A main nozzle pump 35 is connected to the main nozzle lime water agitation tank 31, and the lime water having a uniform concentration in the main nozzle lime water agitation tank 31 is pumped up by the main nozzle pump 35. It is sent to the nozzle spray amount adjusting unit 36. The main nozzle pump 35 is provided with a pressure adjusting portion 35a, and the pressure during spraying is adjusted by the pressure adjusting portion 35a.
The main nozzle spray amount adjusting unit 36 is provided with a main nozzle control unit 37. Further, lime water discharge pipes 39a, 39b, 39c, and 39d are connected to the main nozzle spray amount adjusting unit 36, and flow rate control valves 38a, 38b, 38c, and 39c are respectively connected to the lime water discharge pipes 39a, 39b, 39c, and 39d. 38d is provided.

  The lime water discharge pipes 39a, 39b, 39c, and 39d are respectively connected to the main nozzles 3a, 3b, 3c, and 3d shown in FIG. 2 (a), and lime water is sprayed from the main nozzles 3a, 3b, 3c, and 3d. Then, the carbon dioxide contained in the exhaust gas discharged from the exhaust port 2 of the chimney 1 reacts with lime water to generate calcium carbonate. As a result, the concentration of carbon dioxide discharged into the air can be reduced.

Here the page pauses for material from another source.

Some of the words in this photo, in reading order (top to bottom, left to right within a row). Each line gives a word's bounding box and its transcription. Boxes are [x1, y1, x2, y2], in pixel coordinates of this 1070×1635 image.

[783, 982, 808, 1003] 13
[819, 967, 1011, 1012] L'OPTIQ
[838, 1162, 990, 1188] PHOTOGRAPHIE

The pH of the lime water sprayed from the main nozzles 3a, 3b, 3c, 3d can be about 12-13.

The amount of lime water sprayed from the main nozzles 3a, 3b, 3c and 3d is detected by the carbon dioxide concentration in the exhaust gas detected by the exhaust gas carbon dioxide concentration sensor 9 shown in FIG. Varies depending on wind direction and wind force.
The exhaust gas carbon dioxide concentration sensor 9 and the wind direction wind sensor 10 are electrically connected to the main nozzle controller 37 as shown in FIG. The control valves 38a, 38b, 38c, 38d are electrically connected.
Information on the carbon dioxide concentration in the exhaust gas detected by the exhaust gas carbon dioxide concentration sensor 9 is sent to the main nozzle controller 37, and as the carbon dioxide concentration in the exhaust gas increases, the main nozzle controller 37 operates the flow control valves 38a, 38b, 38c, 38d to increase the flow rate of lime water passing through the lime water discharge pipes 39a, 39b, 39c, 39d.

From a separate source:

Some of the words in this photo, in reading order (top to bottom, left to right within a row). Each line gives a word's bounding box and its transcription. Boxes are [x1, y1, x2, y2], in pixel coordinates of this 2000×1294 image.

  Control of the flow rate of lime water by the flow rate control valves 38a, 38b, 38c, 38d is a stepwise or continuous correspondence between the carbon dioxide concentration in the exhaust gas and the lime water flow rate of the flow rate control valves 38a, 38b, 38c, 38d. Thus, the flow rate of lime water passing through the flow control valves 38a, 38b, 38c, 38d can be changed stepwise or continuously.

In addition, the information on the wind direction wind force detected by the wind direction wind sensor 10 is sent to the main nozzle control unit 37, and the main nozzle control unit 37 controls the flow control valves 38a, 38b, 38c, and 38d based on the wind direction and the wind force. Is operated to change the ratio of the flow rate of lime water passing through the lime water discharge pipes 39a, 39b, 39c, and 39d.
The control of the flow rate of lime water by the flow rate control valves 38a, 38b, 38c, and 38d is performed by making the wind direction wind force correspond to the lime water flow rate of the flow rate control valves 38a, 38b, 38c, and 38d stepwise or continuously. The flow rate of lime water passing through 38a, 38b, 38c, 38d can be changed stepwise or continuously.
As a result, the ratio of the amount of lime water sprayed from the main nozzles 3a, 3b, 3c, and 3d varies depending on the wind direction and wind force. The details will be described below.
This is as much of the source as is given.